Un ejemplo de que esto es así dirían
es cómo y hasta qué punto el discurso público y mediático
contemporáneo ha logrado hacer pasar por «nacionalistas españoles»
a todos los críticos españoles del nacionalismo, por muy
internacionalistas que éstos sean. Siendo España uno de
los países menos nacionalistas de todo el mundo occidental, y uno
de los más de izquierdas, han conseguido presentar a quienes no
comparten el ansia descubridora de nuevas naciones como aliados del franquismo
o de la derecha más reaccionaria y ultramontana. Por eso, cualquiera
que se declare opuesto al nacionalismo periférico español
de nuestros días es tachado inmediatamente de «nacionalista
español», cuando no de submarino del PP.
Otro ejemplo de lo anterior podría ser
la ideología que encierra el ya famoso eslogan de la «España
plural». España es de hecho uno de los países más
plurales del mundo y también una de las naciones con registros
más altos de pasado relativamente revolucionario. Es una sociedad
tanto más plural cuanto que esta nación incluye a un gran
número de ciudadanos (mucho mayor que en otros países) que
creen pertenecer a una nación distinta, y pueden defender ese punto
de vista con plena libertad (y hasta con alguna ventaja). Ahora bien,
que haya pluralidad política, o pluralidad de tantas otras cosas:
lenguas, culturas, tradiciones, sensibilidades, etc., nada supone sobre
la existencia o no de una nación. Por eso los internacionalistas
reclamarían toda la pluralidad del mundo, sin dar derecho a ninguno
de los plurales a usar un sombrero que a otros estaría vedado.
La nación no es una ideología ni
una meta política. Es un hecho. Y España es una nación
porque así lo ha definido la historia, nos guste o no, y así
lo reconoce todo el mundo fuera de nuestras fronteras. Y esto no presupone
ninguna valoración, positiva o negativa, sobre el carácter
y comportamiento del Estado español o sobre la infraestructura
social que lo sostiene. El que algunos españoles «se sientan»

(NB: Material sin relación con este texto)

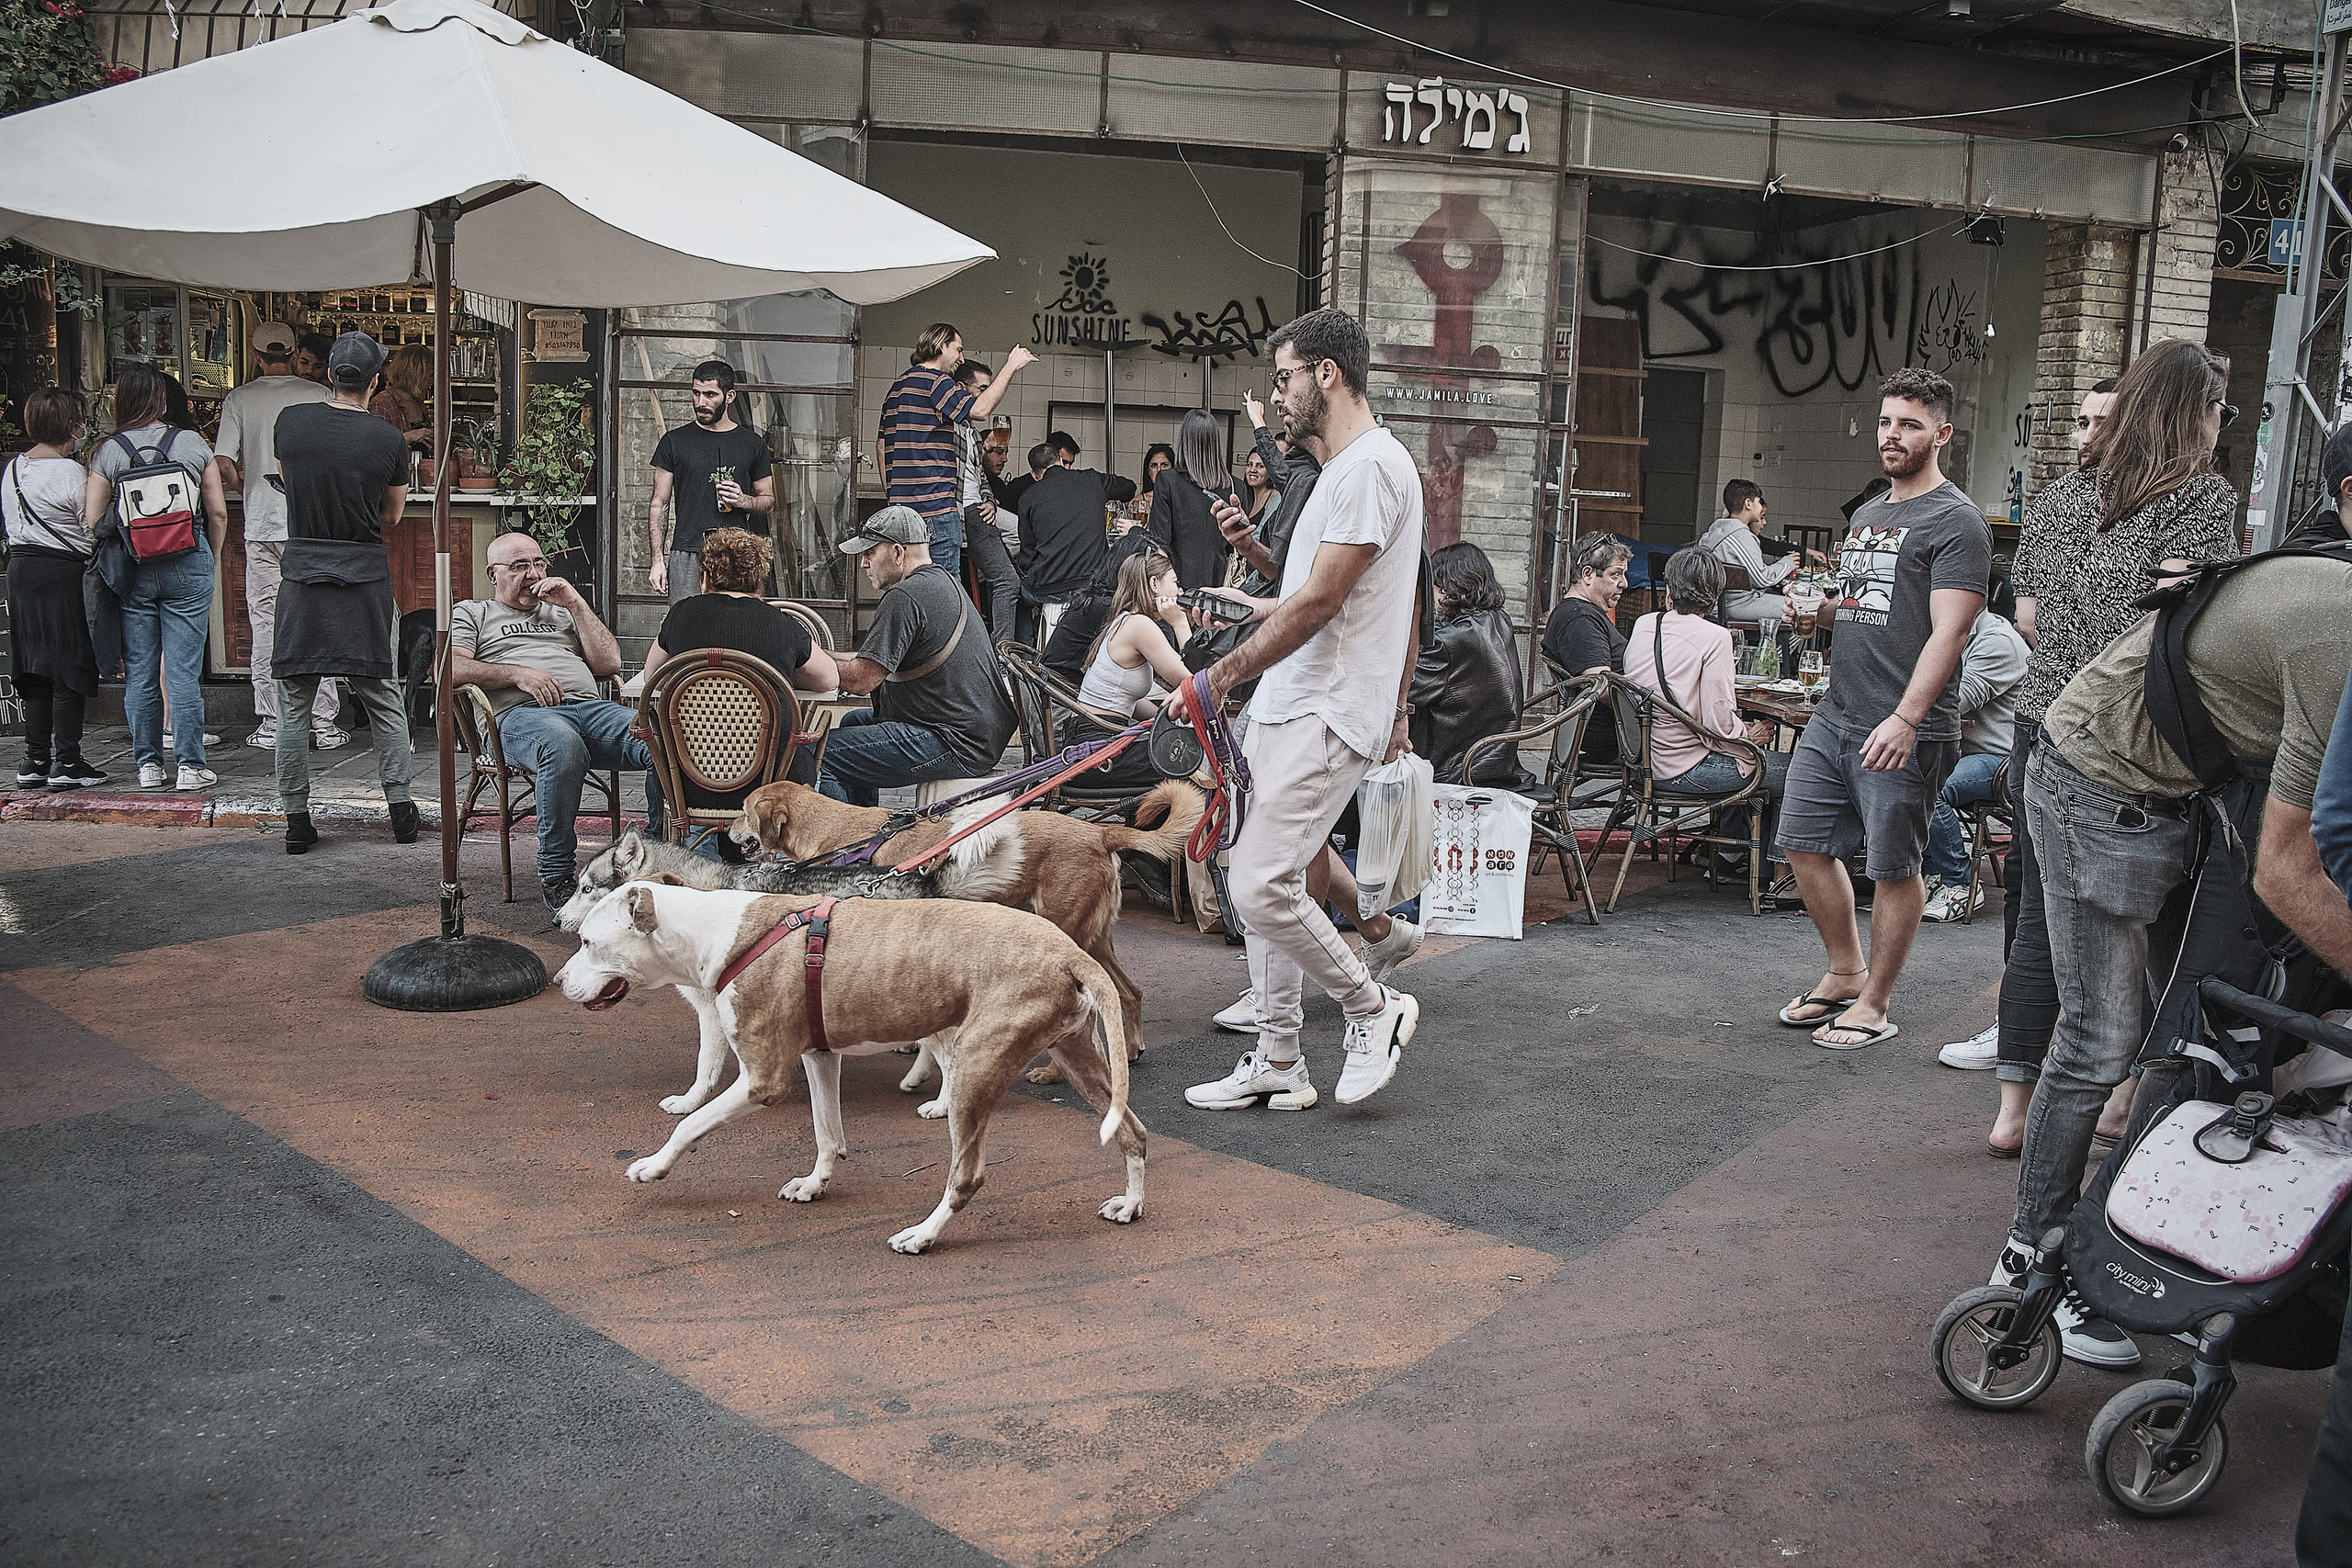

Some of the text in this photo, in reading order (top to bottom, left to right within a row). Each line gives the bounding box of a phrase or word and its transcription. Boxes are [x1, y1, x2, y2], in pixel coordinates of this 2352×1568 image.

[2274, 229, 2302, 255] 41
[1032, 313, 1132, 346] SUNSHINE
[1385, 387, 1493, 404] WWW.JAMILA.LOVE
[1854, 610, 1889, 627] PERSON
[501, 621, 557, 637] COLLEGE

parte de otra nación es una ideología más que cualquiera
puede defender, como cualquier otra. Pero la ideología no da derecho
a tener privilegios, razón por la cual un anticuado internacionalista,
opuesto por tradición a cualquier clase de privilegios, sin duda
se declararía contrario a su concesión.
Cuando los supuestos defensores del pluralismo
identifican pluralismo político con pluralidad de naciones sencillamente
están expresando, con o sin artimaña, un puro deseo. Un
deseo que pueden expresar libremente, por supuesto, así como también
la patronal es libre de expresar permanentemente su deseo de que los salarios
bajen más o suban menos de lo que lo hacen. Pero además
de un deseo, están expresando una forma específica de lo
que no es sino una de las ambiciones políticas más antiguas
que anhela el poder económico capitalista: la división del
enemigo en provecho propio. Al parecer, la estrategia del divide et impera,
en este terreno de la discusión «nacional», ha llegado
en España más lejos que en ningún otro sitio.

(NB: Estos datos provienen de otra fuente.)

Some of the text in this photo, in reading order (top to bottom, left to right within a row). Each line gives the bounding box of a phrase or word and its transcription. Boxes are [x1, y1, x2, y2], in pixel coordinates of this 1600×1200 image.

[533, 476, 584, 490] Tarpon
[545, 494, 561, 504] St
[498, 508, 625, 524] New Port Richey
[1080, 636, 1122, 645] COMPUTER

La pluralidad de lenguas no hace naciones: véase
el caso suizo o el belga. La diversidad cultural, tampoco: ahí
está esa misma pluralidad regional en casi todos los países
del mundo. La pluralidad histórica, mucho menos aun. ¿Pretenden
quienes afirman lo contrario que hay que volver al fraccionamiento estatal
de la edad media europea? Si Cataluña o el País Vasco fueran
naciones, con mayor razón lo serían Baviera, Sajonia, Sicilia,
Borgoña, Tirol, Galitzia…; en realidad, docena y media de
lander alemanes, docenas de regiones y regioncitas francesas, italianas,
polacas…, procedentes de la histórica multitud de condados,
ducados, principados y reinos formados por conquista, amalgamas dinásticas
o matrimonios de conveniencia. O, ¿por qué no? ¿No
cabría dividir en 50 los Estados que forman hoy la nación
más poderosa de la tierra?
Cuando, por ejemplo, la ideología pequeñoburguesa
(primero en Cataluña, después en toda la España progresista)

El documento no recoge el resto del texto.